One of the books I’m reading at the moment is Kristin Kobes Du Mez’s A New Gospel for Women: Katherine Bushnell and the Challenge of Christian Feminism.
Professor of History and Gender at Calvin College, Dr. Du Mez wrote this book before her latest Jesus and John Wayne: How White Evangelicals Corrupted a Faith and Fractured a Nation (which I’ve also read).
Although these two books may seem to address very different subjects, they are profoundly related.
It actually makes perfect sense that a book about the long-lost Dr. Katherine Bushnell and her groundbreaking work as an activist, medical doctor, and biblical scholar on behalf of women’s rights would lead Du Mez to write her next book about patriarchy and John Wayne.
In the U.S. and globally, Bushnell encountered the brutal oppression and sexual abuse of women and girls. According to Bushnell, far too often the men who perpetrated these crimes—even Christian men—“often did so with impunity, continuing to be revered in their communities as respectable Christian gentlemen.”(Sound familiar?) It launched her quest to probe more deeply into the Bible’s message for women. Questions she was asking inevitably raised the subject of patriarchy, which is the topic Du Mez tackles in Jesus and John Wayne. Both books are important, eye-opening, and profoundly relevant for American Christians at this particular moment in time. Do we wrestle enough with how our Christianity transforms how we think and live and treat other image bearers? Does it set us apart or do we just blend in? How truly do we embody the example and teachings of Jesus?
Readers should read both books!
Don’t let the word “feminism” (“patriarchy” either, for that matter) put you off. Feminism isn’t a four-letter word. It’s time we had a long-overdue thoughtful conversation on the subject, especially given the fact that Christian women staunchly committed to Scripture were pioneers of feminism. Du Mez will doubtless surprise many readers as she delves into the Christian roots of that movement.
So be brave, buckle up, and read both!
I had only gotten to Chapter 2 of Bushnell’s story when the quote below stopped me in my tracks. That’s where Du Mez is interacting with well-known missiologist Professor Andrew Finlay Walls‘ book, The Missionary Movement in Christian History. She’s drawing specifically from his chapter titled “Gospel as Prisoner and Liberator” when she writes:
Drawing on Christian history and theology, Dr. Walls explains that within the Christian gospel itself reside opposing tendencies: an “indigenizing principle” and a “pilgrim principle.” The gospel is always incarnated, Walls argues, received in a particular time and place and “indigenized” in particular cultural settings. Yet at the same time, the gospel has a transformative element; followers of Christ are meant to be transformed, set apart from the culture in which they live.

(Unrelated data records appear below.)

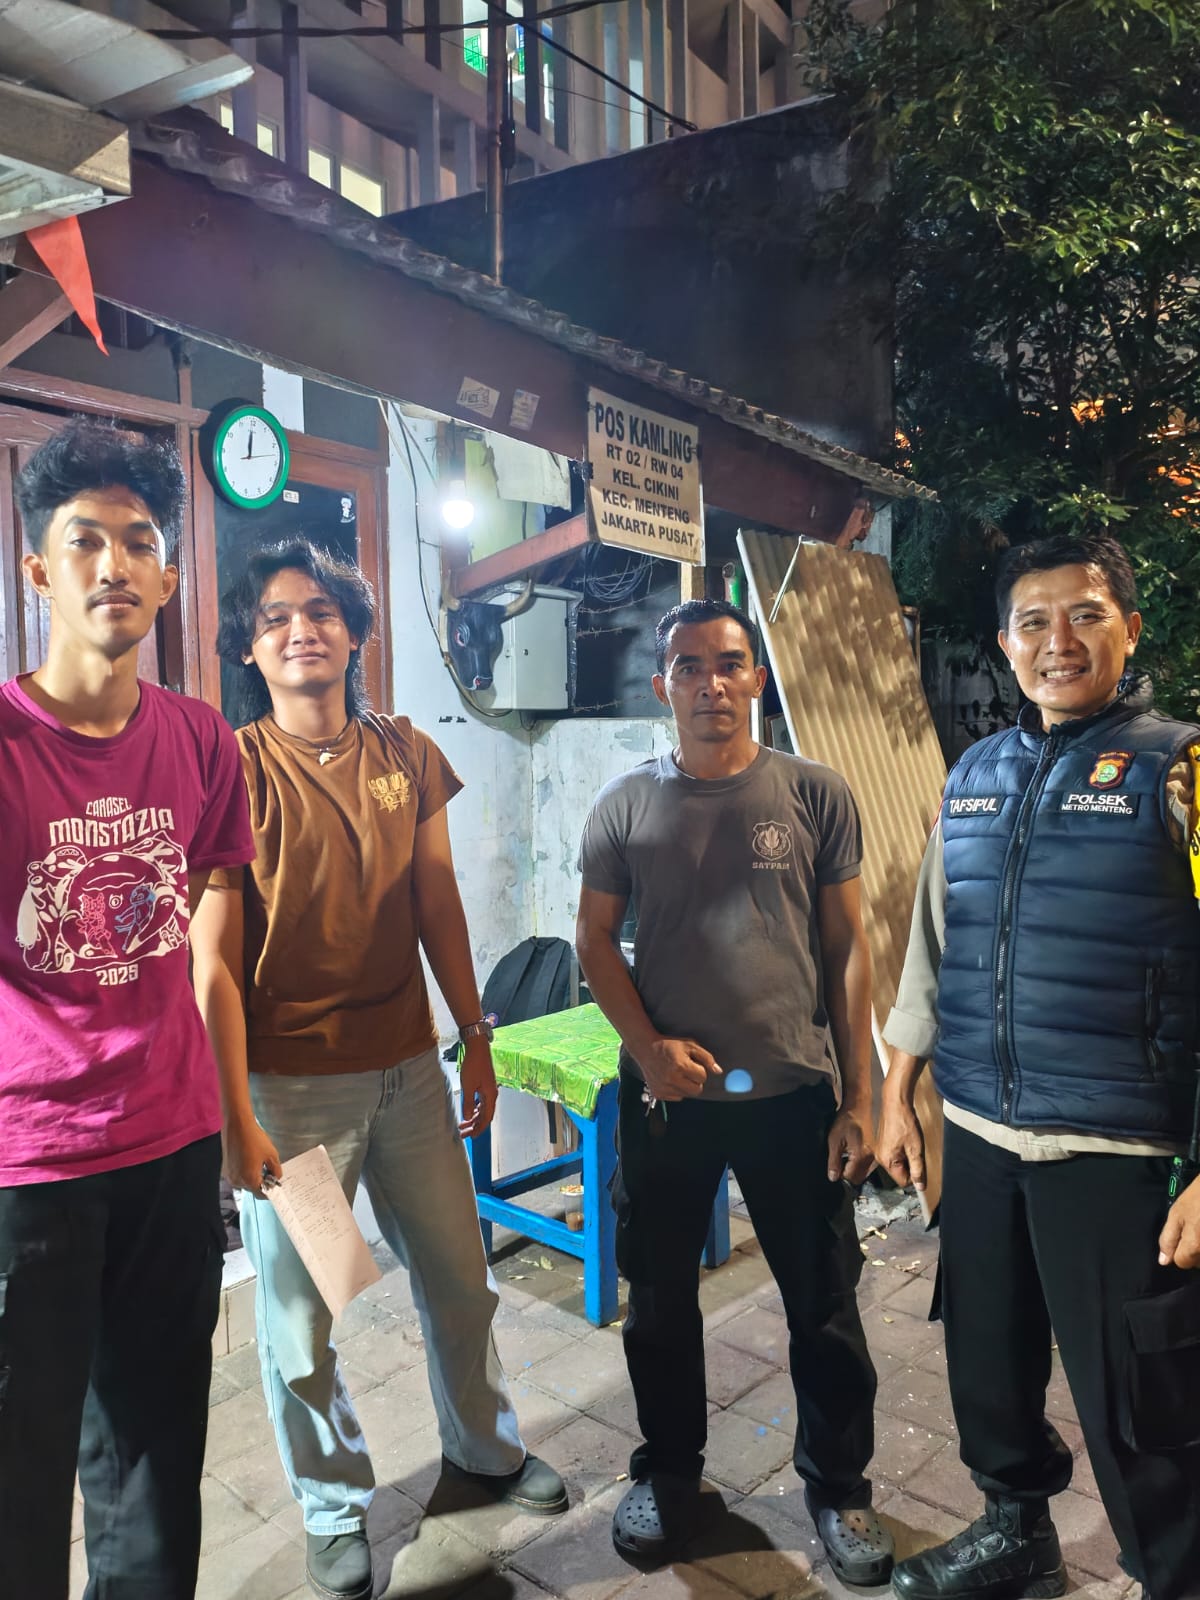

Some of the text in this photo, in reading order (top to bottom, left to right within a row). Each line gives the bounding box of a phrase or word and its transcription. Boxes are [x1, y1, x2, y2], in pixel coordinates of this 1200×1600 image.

[595, 402, 692, 463] POS KAMLING
[606, 443, 684, 480] RT 02 / RW 04
[612, 468, 679, 500] KEL. CIKINI
[602, 489, 690, 524] KEC. MENTENG
[601, 511, 694, 546] JAKARTA PUSAT
[86, 796, 133, 818] CARASEL
[949, 797, 997, 814] TAFSIPUL
[1061, 804, 1133, 815] METRO MENTENG
[1067, 794, 1128, 807] POLSEK
[96, 963, 139, 986] 2025
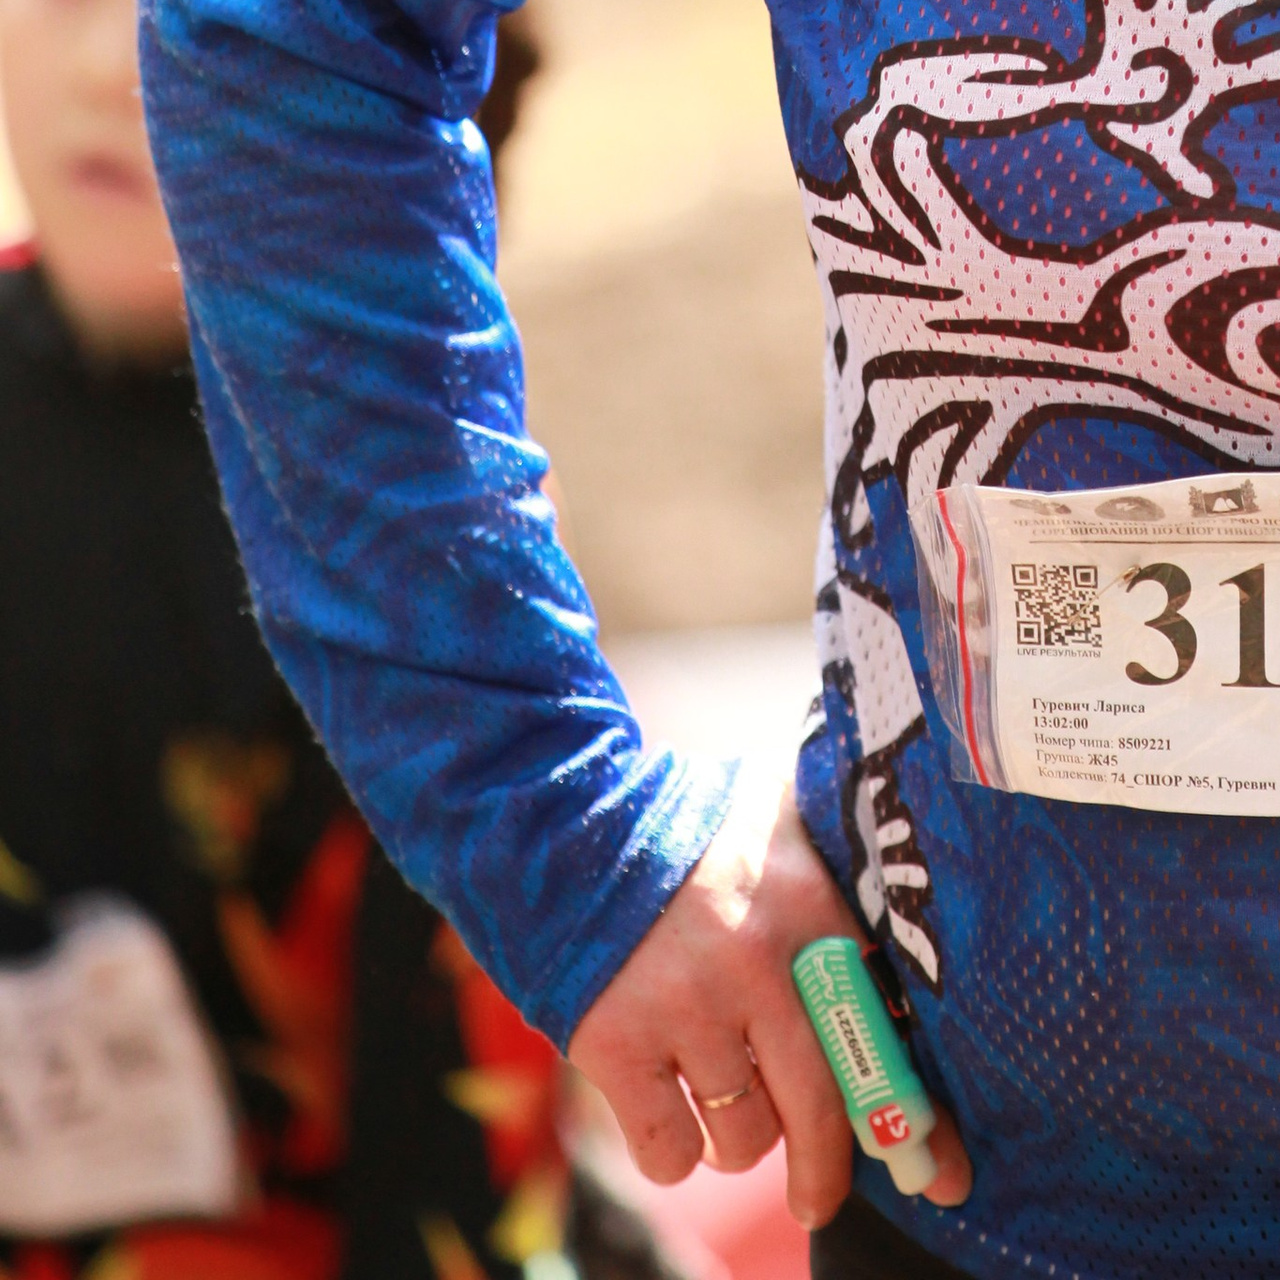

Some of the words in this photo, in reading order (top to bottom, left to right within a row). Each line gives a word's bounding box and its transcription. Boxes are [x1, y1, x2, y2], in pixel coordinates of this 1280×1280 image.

[1017, 648, 1037, 656] LIVE
[1040, 648, 1101, 658] РЕЗУЛЬТАТЫ
[1032, 697, 1090, 714] Гуревич
[1093, 700, 1146, 716] Лариса
[1033, 716, 1089, 730] 13:02:00
[1034, 733, 1076, 749] Номер
[1079, 739, 1114, 750] чипа:
[1118, 738, 1172, 751] 8509221
[1036, 749, 1085, 765] Группа:
[1087, 753, 1119, 767] Ж45
[1038, 766, 1108, 783] Коллектив:
[1218, 777, 1277, 793] Гуревич
[835, 1010, 873, 1078] 8509221
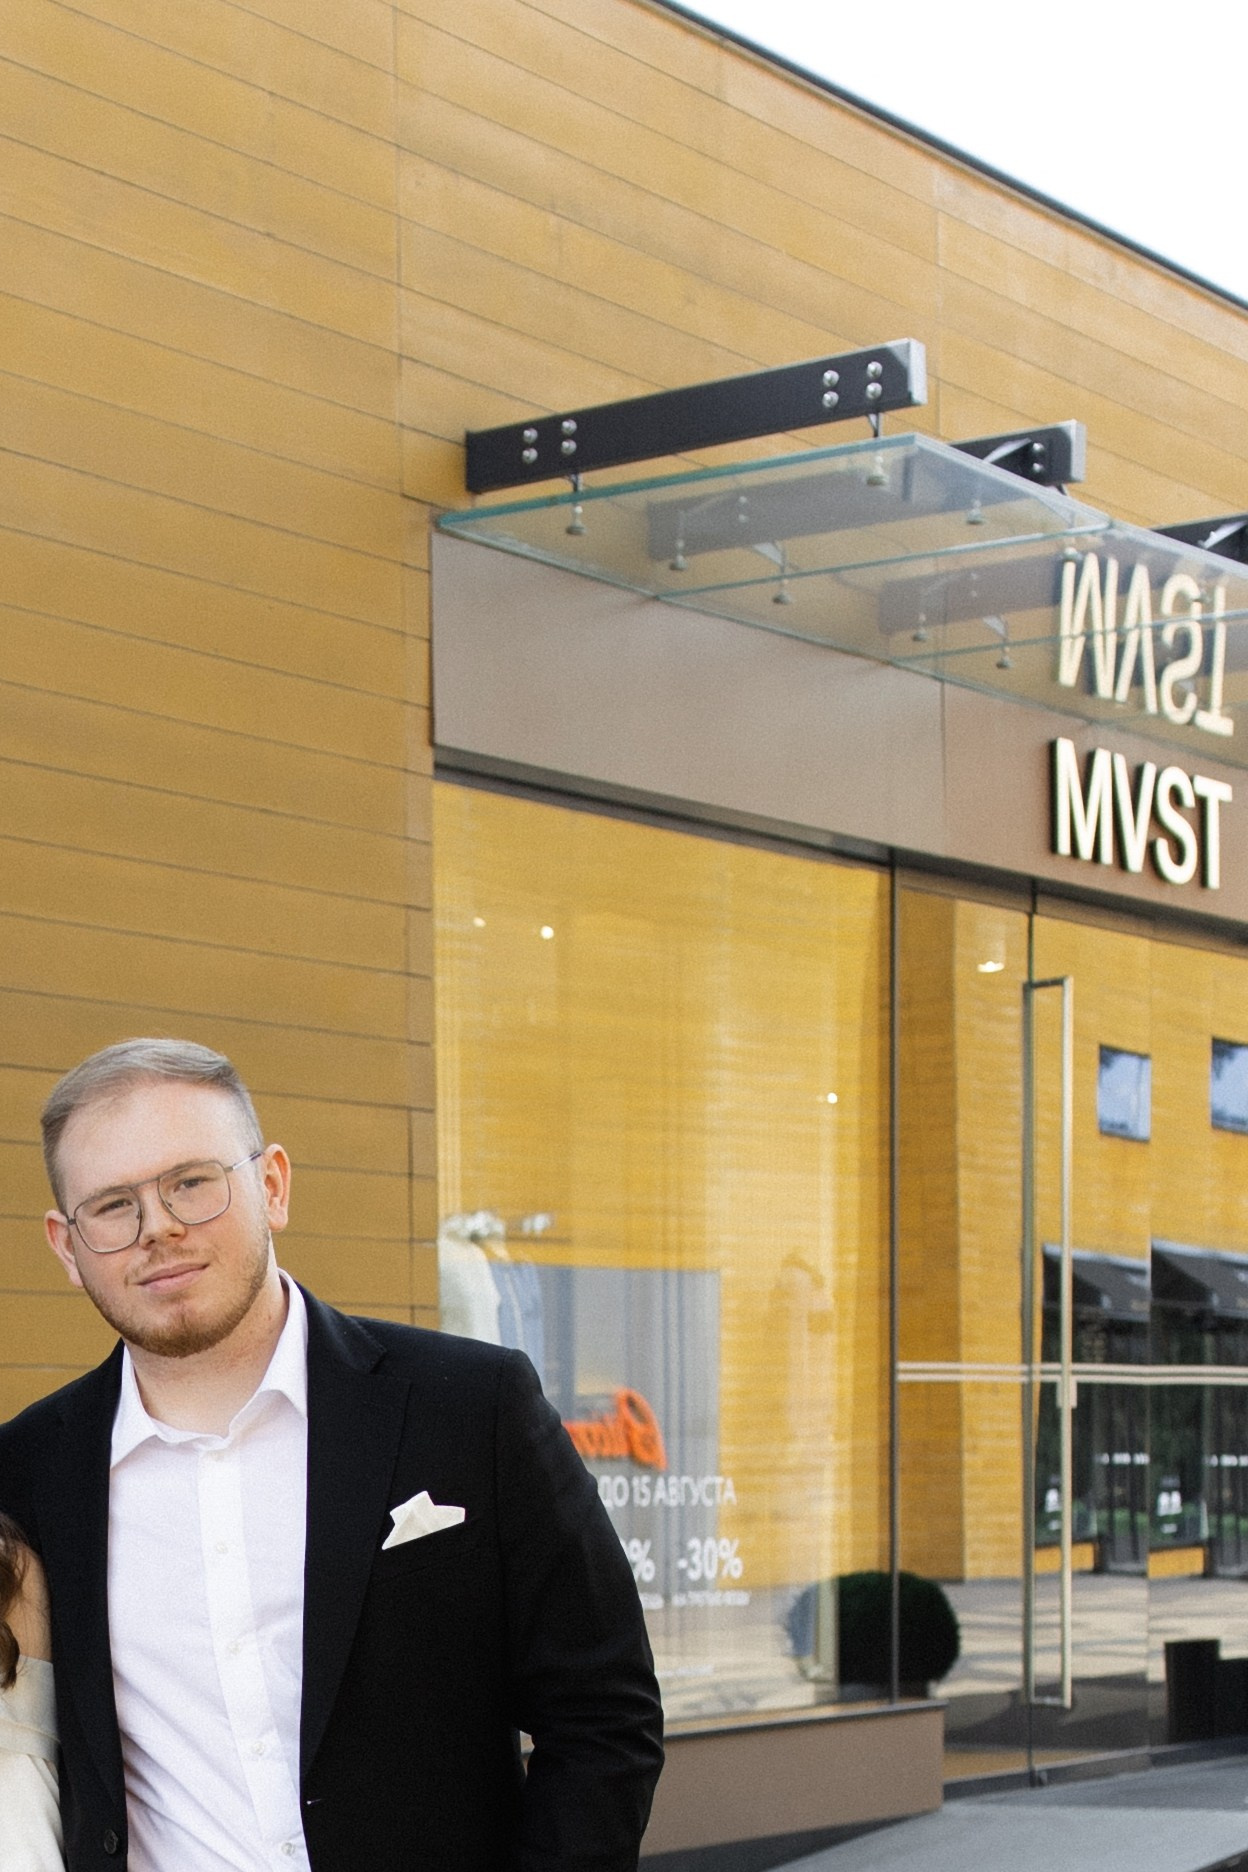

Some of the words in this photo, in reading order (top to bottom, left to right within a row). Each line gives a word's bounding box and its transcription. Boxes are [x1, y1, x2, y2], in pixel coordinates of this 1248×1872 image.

[1053, 736, 1233, 890] MVST
[632, 1475, 652, 1507] 15
[653, 1475, 738, 1507] АВГУСТА
[677, 1536, 743, 1581] -30%

Then comes this quote from Professor Walls that I’ll be thinking about long after I finish the book:
“Along with the indigenizing principle which makes his faith a place to feel at home, . . . the Christian inherits the pilgrim principle, which whispers to him that he has no abiding city and warns him that to be faithful to Christ will put him out of step with his society; for that society never existed, in East or West, ancient time or modern, which could absorb the word of Christ painlessly into its system.”